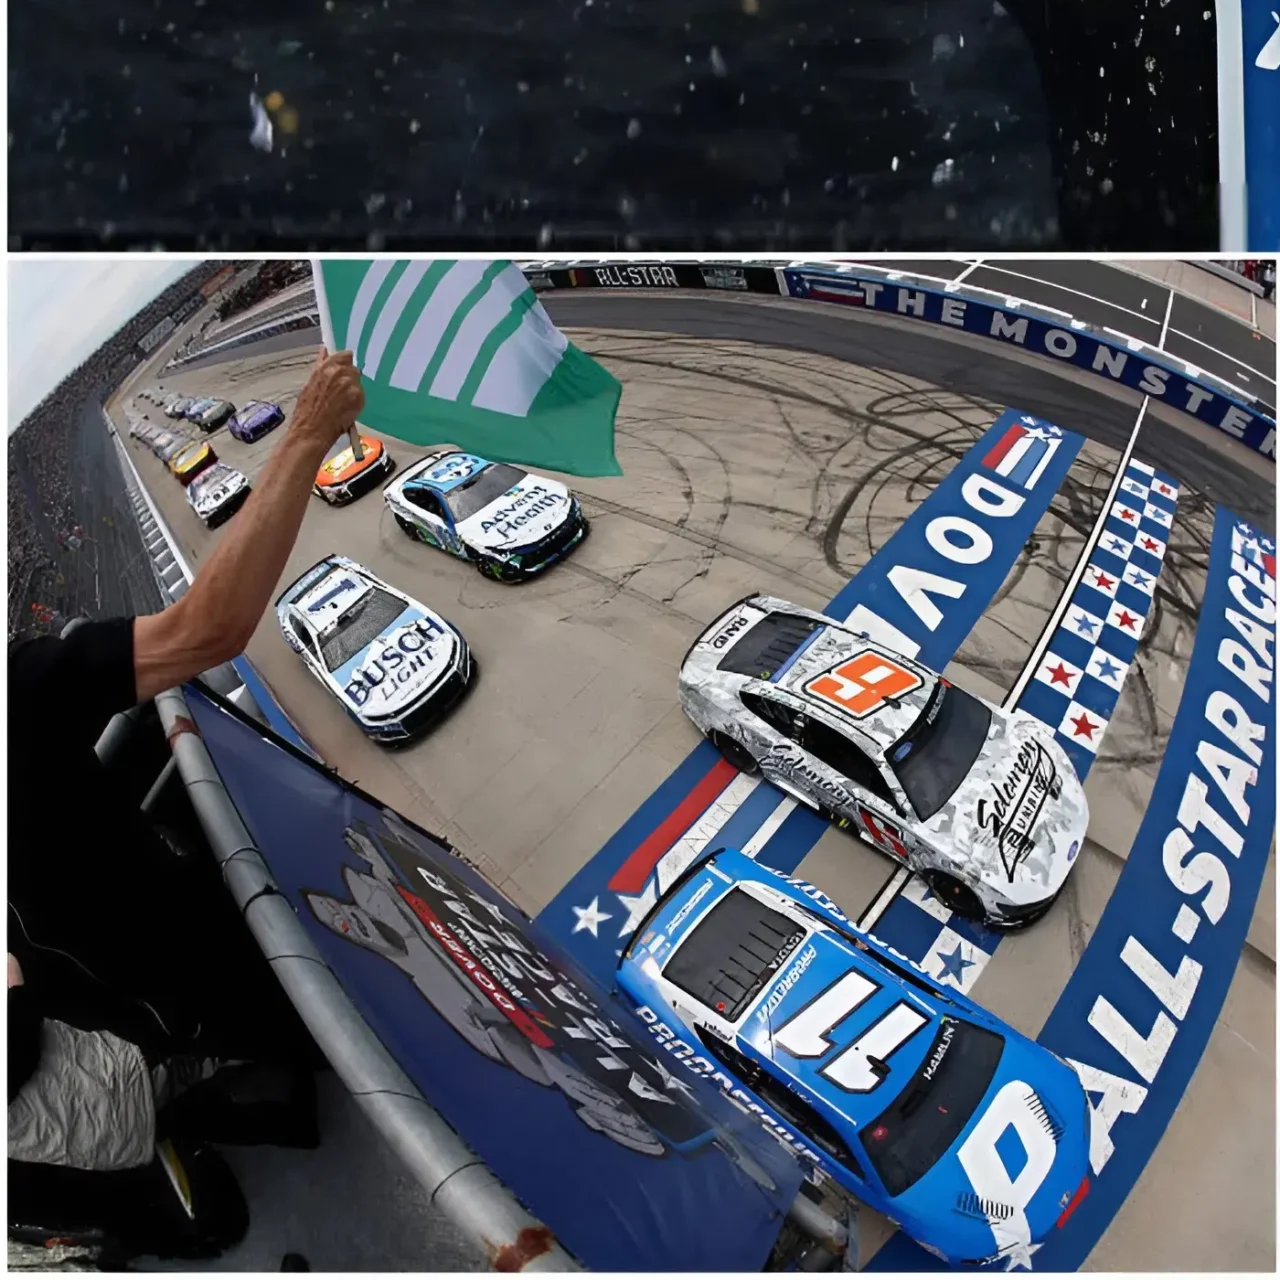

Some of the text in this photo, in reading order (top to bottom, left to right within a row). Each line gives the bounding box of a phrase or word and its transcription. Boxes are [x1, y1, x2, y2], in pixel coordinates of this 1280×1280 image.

[595, 265, 680, 288] ALL-STAR
[859, 283, 968, 327] THE
[344, 616, 445, 707] BUSCH
[380, 646, 438, 701] LIGHT
[1065, 690, 1266, 1177] ALL-STAR
[774, 966, 932, 1095] 11
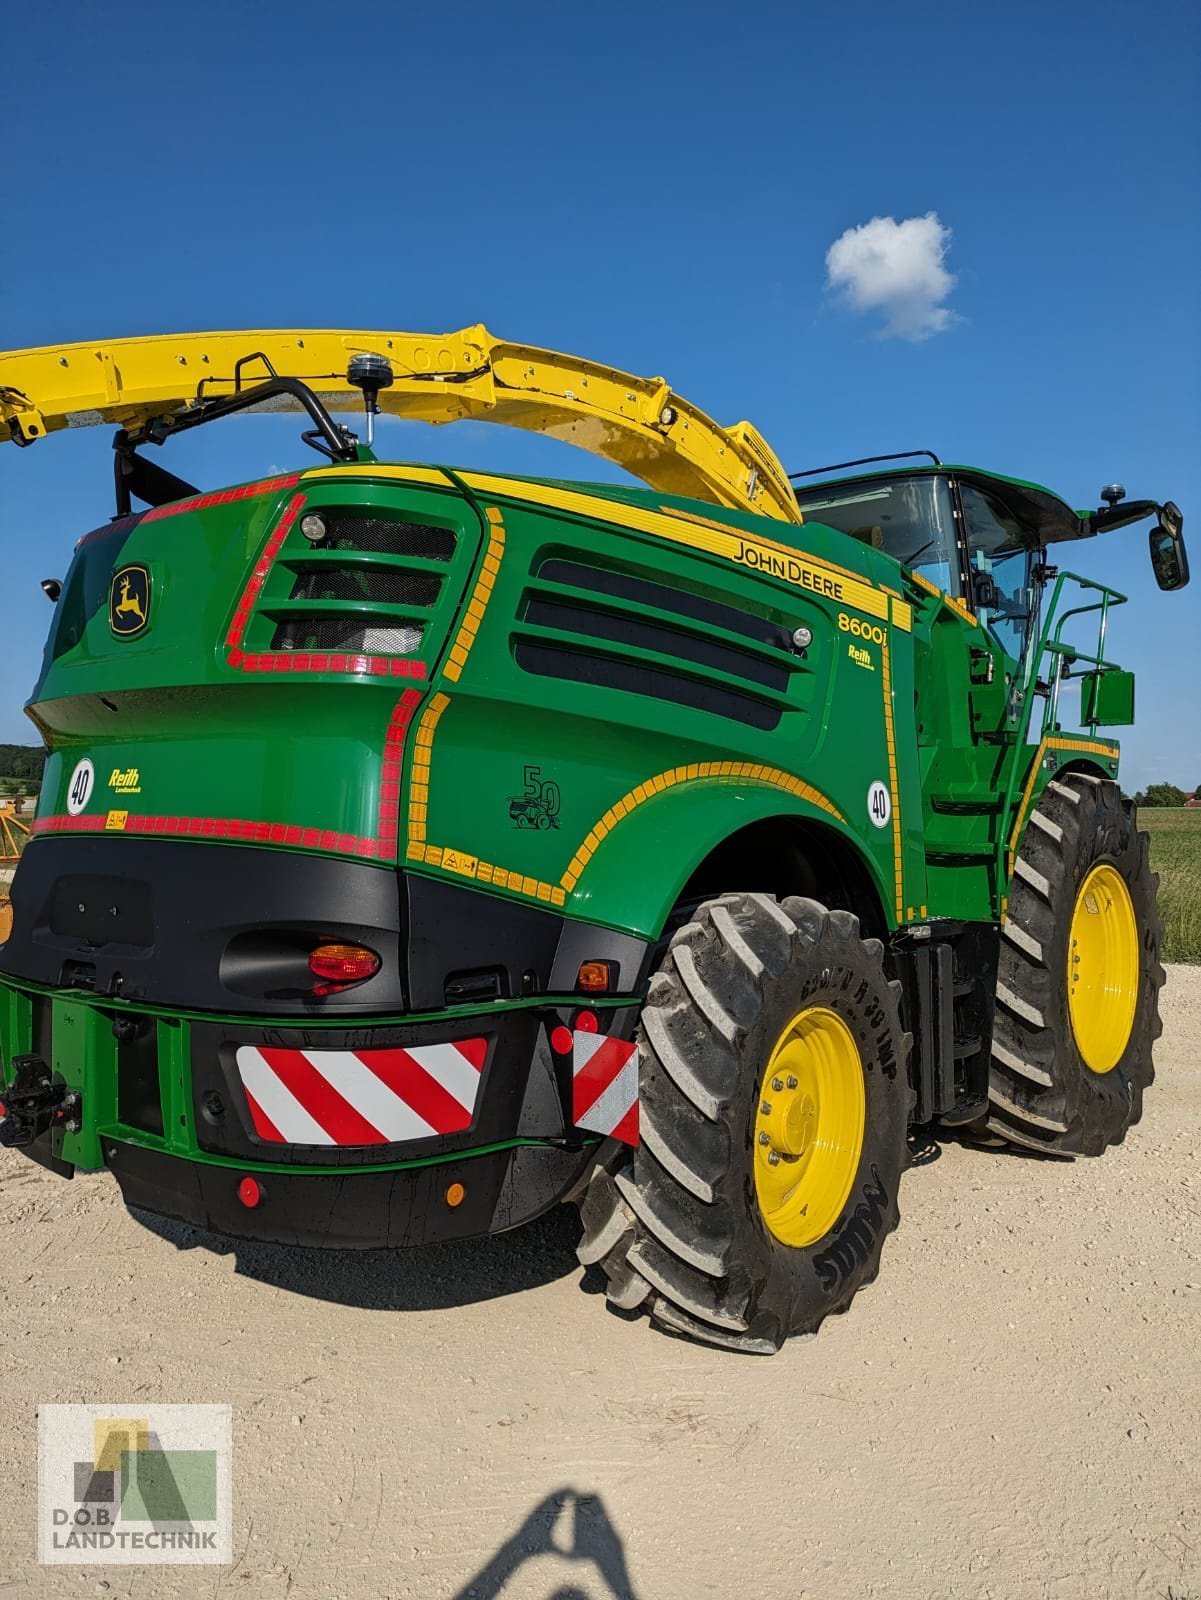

********************

> What you are asked to do: Reproduce every line of the material precisely, omitting its pictures.

> Output:
Some of the text in this photo, in reading order (top to bottom, left to right within a row). Each line gives the bounding box of a phrase or word and its transcription. Boxes are [x1, y1, x2, y2], in pixel coordinates of this 1280×1280 image.

[595, 265, 680, 288] ALL-STAR
[859, 283, 968, 327] THE
[344, 616, 445, 707] BUSCH
[380, 646, 438, 701] LIGHT
[1065, 690, 1266, 1177] ALL-STAR
[774, 966, 932, 1095] 11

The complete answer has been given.